The total resistance seldom is critical and usually follows the European E3 series or 1-2-5-10 (USA).
Find the right resistors to develop a Power Unit for Space Applications.
A potentiometer (short name “pot”/”pots”) may in its most simple form be drawn schematically as in Figure 1.
Between the two fixed terminals, there is a third one connected to a sliding contact or Wiper. Because the direction of motion of the sliding contact is hidden in encapsulated types the fixed terminals usually are marked with
- CW, i.e., clockwise, and
- CCW, that stands for counterclockwise.
With the slider positioned in either of the two endpoints, we measure between the fixed terminals in the Rated resistance, Rtot, of the potentiometer. In Figure R4-1 we also have indicated the rest or End resistance, ER, that in wirewound potentiometers is measured between terminals (2) and (1) or (2) and (3) when the wiper is positioned in the corresponding end point where integral stops prevent further movement. In non-wirewounds, the shaft shall be positioned at either of the theoretical endpoints, i.e., at the ends of the theoretical electrical travel (Figure R4-4). Sometimes the end resistance, ER, is expressed in % of Rtot. Precision wirewound potentiometers have terminations like the one in Figure 2.
If we measure the rest resistance we also get an extra contribution from the futile part of the resistance track (position B in the figure). If we move the wiper to position A the resistance will drop to a minimum, the so-called Minimum resistance, MR. Instead of ER, for non-wirewound precision potentiometers the End voltage, EV, is specified.
According to the industry standard of the Variable Resistive Components Institute (VRCI) measurement shall be done between the wiper and an endpoint. The shaft then is positioned at the theoretical endpoint (non-wirewound) or at the end point (wire-wound). The theoretical endpoint is represented by position B1 in Figure R4-3, the endpoints of a wire-wound potentiometer are represented by the start of actual electrical travel in Figure 1. The end voltage is expressed in percent of the input voltage E.
Figure 3. End and minimum voltage.
If we, as proposed, should measure in position B the result would be the same as in position A. The current through the DVM is assumed to be negligible.
The Minimum voltage MV is the smallest or lowest voltage between the wiper terminal and an end terminal when the shaft is positioned near the corresponding end of electrical continuity travel (Position A in Figure 3).
Actual electrical travel applies to wirewound potentiometers only and concerns the total travel between endpoints as shown in Figure 4.
In that point of the shaft travel where we start observing the first significant changes of the output voltage Type 2 potentiometers and trimmers sometimes have a definition of the Effective minimum resistance. Compared to the End Resistance, ER, it is approximately 10 times higher, for example, 2% when the ER is specified to 0.2%.
Total mechanical travel is determined by the total travel of the shaft between integral stops. If there are no stops (as in non-wirewound servo potentiometers) the mechanical travel is continuous and thus the mechanical travel 360°.

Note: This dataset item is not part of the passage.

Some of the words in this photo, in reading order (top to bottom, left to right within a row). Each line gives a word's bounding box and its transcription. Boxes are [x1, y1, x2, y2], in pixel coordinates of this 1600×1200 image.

That part of the travel where we have a continuous electrical connection between wiper and terminals is called Electrical continuity travel. In wire wound potentiometers, it coincides with the total mechanical travel.
At a specified shaft position, the corresponding output ratio is defined as the Index point, IP. Usually, IP is positioned at approximately 50% of the maximum output ratio. It is used to establish a shaft position reference, for example when specifying the Theoretical electrical travel that usually is centered between the end points of the actual electrical travel, Figure 4. Suppose now that the IP is defined as a shaft journey of 170°. The theoretical electrical travel then will range between 0 and 340°.

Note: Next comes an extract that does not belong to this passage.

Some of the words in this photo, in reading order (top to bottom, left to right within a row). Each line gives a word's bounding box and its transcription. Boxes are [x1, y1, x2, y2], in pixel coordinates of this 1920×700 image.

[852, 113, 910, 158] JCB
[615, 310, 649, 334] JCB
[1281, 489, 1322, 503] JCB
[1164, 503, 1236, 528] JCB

The Insulation resistance, IR, is measured with DC between the connected terminals and all other electrically conductive parts like a shaft, metal housing, mounting details, etc. IR should be at least 1000 MΩ.
Cycle. In potentiometer contexts, we meet the expression cycle which means shaft travel from one endpoint to the other and back to the starting point.
Rotational life. The specified maximum number of shaft revolutions that a potentiometer shall be able to stand with preserved resistance stability is called rotational life.
Potentiometer or Rheostat
In principle a variable resistor may be used in two different ways with respect to the load: As a parallel resistor, i.e., a voltage divider or potentiometer, and a series resistor or rheostat, i.e., a type of current regulator.
Figure 5 shows the principle functions of a potentiometer and a rheostat. The current through the rheostat may never exceed Imax in the formula
By means of the resistance track construction, the output ratio may be made to follow non-linear functions like, for example, logarithmic, trigonometric, etc. In order to specify the fidelity of the output ratio to such functions, the concept conformity is used. It stands for permissible, practically determined output ratio deviations from a theoretical function. The conformity is expressed as a percentage of the total applied voltage.
The most common output ratio from a potentiometer is the straight one. Specification of the deviations from a straight reference line is a special case of conformity and has got its own name: linearity. Thus, it describes how well the output ratio follows the shaft travel. The linearity is expressed in percent of the total applied voltage. In the ideal case, the output ratio should follow a straight line from 0 to 100% when the shaft is turned from one endpoint to the other. In practice, however, there are deviations or linearity errors and they may be defined in different ways. Following definition description will gain in clarity if we, for comparison reasons, place a copy of Figure 1 in close connection to Figure 7. The copy is called Figure 6.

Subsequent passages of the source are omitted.